Spatial localization data:
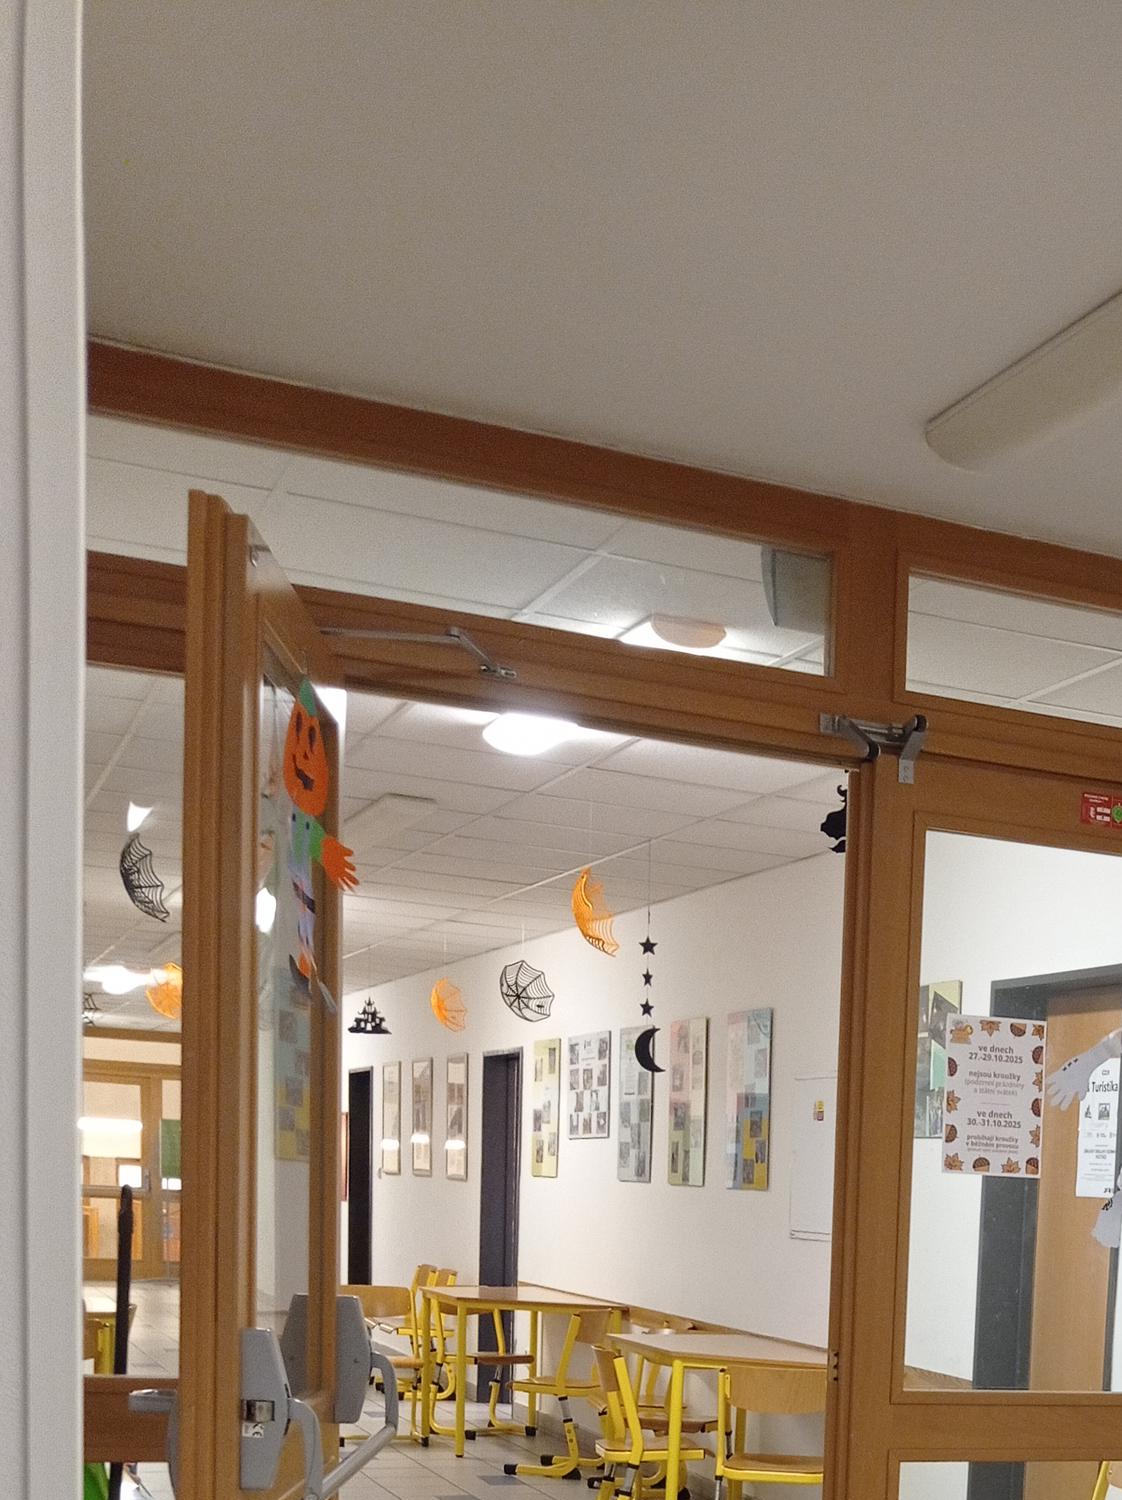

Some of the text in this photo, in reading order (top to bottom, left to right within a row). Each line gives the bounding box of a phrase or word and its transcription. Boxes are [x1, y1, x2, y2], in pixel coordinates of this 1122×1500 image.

[978, 1043, 1014, 1055] ve dnech
[968, 1051, 1023, 1064] 27.-29.10.2025
[968, 1070, 1021, 1082] nejsou kroužky
[1091, 1080, 1118, 1093] Turistika
[988, 1109, 1013, 1120] dnech
[967, 1117, 1021, 1129] 30.-31.10.2025

▶ [WHAT THE TASK ASKS]:
Set down the entries exactly as they appear, with every picture left out.

▶ [ANSWER BOX]:
Some of the text in this photo, in reading order (top to bottom, left to right within a row). Each line gives the bounding box of a phrase or word and its transcription. Boxes are [x1, y1, x2, y2], in pixel coordinates of this 1122×1500 image.

[978, 1043, 1014, 1055] ve dnech
[968, 1051, 1023, 1064] 27.-29.10.2025
[968, 1070, 1021, 1082] nejsou kroužky
[1091, 1080, 1118, 1093] Turistika
[988, 1109, 1013, 1120] dnech
[967, 1117, 1021, 1129] 30.-31.10.2025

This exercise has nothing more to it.